Pues eso… un poco de nostalgia comparativa de las primeras versiones de Windows:
Imágenes y textos tomados de: Creating the Windows 8 user experience que al final ha pasado a ser casi un "calco" del original, cuando mi intención era ponerte unas pocas imágenes, en fin…
Windows 1 was released in 1985, and it was designed for drastically different scenarios than what people use PCs for today.
The first version of Windows was a rough graphical shell around DOS, intended primarily to be used with the keyboard. A mouse was strictly optional and very few PCs had one.
Windows 3 and 3.1
The first commercially successful version of Windows was Windows 3, released in 1990. It featured a totally new interface, centered on a new shell called Program Manager for launching, arranging, and switching programs.
File Manager was the most important new program in Windows 3, used for managing files and drives. This upgrade bet big for the first time on most users having a mouse, and knowing how to use it to click on the colorful, large (for the time) 32×32 icons. Many reviews were critical of the release because to use it effectively required one of those oft-criticized mice.
Windows 95, released a few years later in August of 1995, included a substantially reinvented user experience. Many of the constructs that are still present in Windows 7 were introduced in this version—the Start menu, taskbar, Explorer, and the desktop—but in very different forms.
Although we think about these user interface elements as familiar today, at the time, they were radically different from how anyone had used a PC before. The Start button was so undiscoverable that, despite having the word Start right on it, bouncing “<– Click here to begin” text had to be added to the taskbar after early test releases so that people could figure out how to get started using the programs on their PC.
Windows XP was released to PC manufacturers on August 24, 2001. It represented another important evolution in the Windows user interface.

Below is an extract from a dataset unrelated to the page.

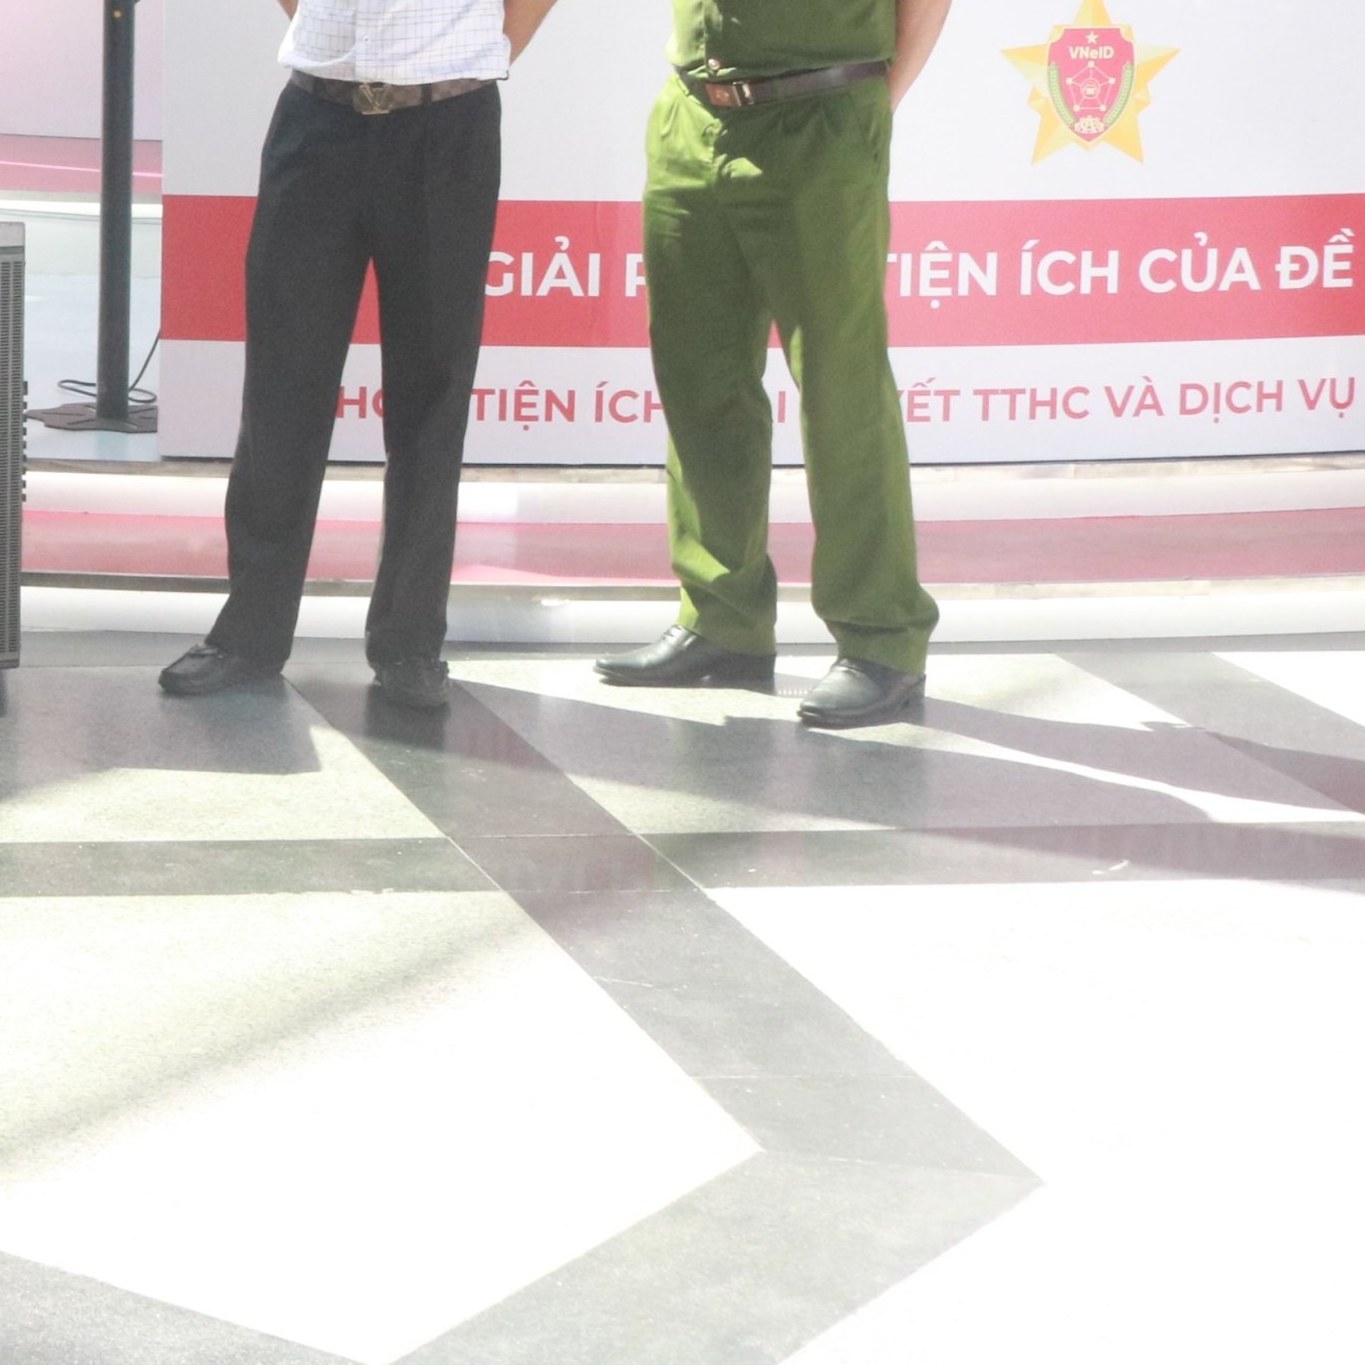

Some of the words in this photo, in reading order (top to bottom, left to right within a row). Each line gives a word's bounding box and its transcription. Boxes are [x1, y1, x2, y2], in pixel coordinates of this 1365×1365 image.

By 2001, people were using their PCs more every day. Typing and managing files, which doesn’t require the web, remained a critical percentage of the time people spent using a PC. Yet collecting and consuming information and media—especially music, photos, and videos—was on the verge of becoming mainstream. (Even then, early digital camera sales were still just one quarter of film camera sales, and would not eclipse them for another three years.) People were spending more time on the PC web browsing and doing mail, in addition to the document-focused productivity scenarios around which Windows 95 was developed.
In 2006, Windows Vista substantially changed the visual appearance of Windows, introducing the Aero visual style. Aero gave the appearance of highly-rendered glass, light sources, reflections, and other graphically complex textures in the title bars, taskbar, and other system surfaces. These stylistic elements represented the design sensibilities of the time, reflecting the capabilities of the brand-new digital tools used to create and render them. This style of simulating faux-realistic materials (such as glass or aluminum) on the screen looks dated and cheesy now, but at the time, it was very much en vogue.
Aero was designed to help people focus less on the window chrome itself, and more on the content within the window. It draws the eye away from the title bar and window frames, and towards what is valuable and what an app is about.
And of course, the Start menu changed again, most notably by making it possible to press the Windows key (introduced in Windows 95) and then just start typing to search from anywhere in Windows. (This welcome innovation is one we’ve kept in Windows 8, expanding it to search even within apps.)
Windows 7 was released in the fall of 2009, and a number of the key aspects of the UI were significantly transformed. While many of these changes centered on an overhaul of the taskbar, significant modifications were also made to the Start menu, windowing, and to the logical organization of files on the PC.
Notably, launching and switching between programs were brought together in the new taskbar. Icons in the taskbar were made bigger and more touchable. The Start menu was changed to focus on launching only the programs you use less frequently, as no program can be pinned to both the taskbar and the Start menu. This marked the start of a transition where we were looking to remove the archaic distinction between starting a program for the first time and returning to a program that was already running. It is interesting to consider how odd it is that we trained ourselves to look one place for a program the first time it is running, and a different place once it is already running.
Windows 7 also was the first mainstream non-phone OS to introduce multitouch support into the base OS. Although tablets on other platforms have followed suit, Windows 7 was the first shipping OS to embrace multitouch in the platform. Along the way, we learned a great deal about the limitations of trying to use touch to navigate Windows when so much of the existing interface, and virtually all of the existing programs, were specifically designed to be used with mouse and keyboard.
Windows 8 user experience
But as we move closer to general availability of Windows 8 and beyond, to a time when all of your favorite apps are available and represented by tiles, suddenly your Start screen will become a personalized dashboard of everything you care about. Your whole computing experience has the potential to be encapsulated in one view. A view that you organize and control.
Even content from within apps can be pinned to Start: people, mail folders, accounts, websites, books, albums, singers, movies, clients, sports teams, cities, etc. Everything you care about is efficiently available and up-to-date at all times. Tiles are the future and fit the way people look for fresh content in apps and websites.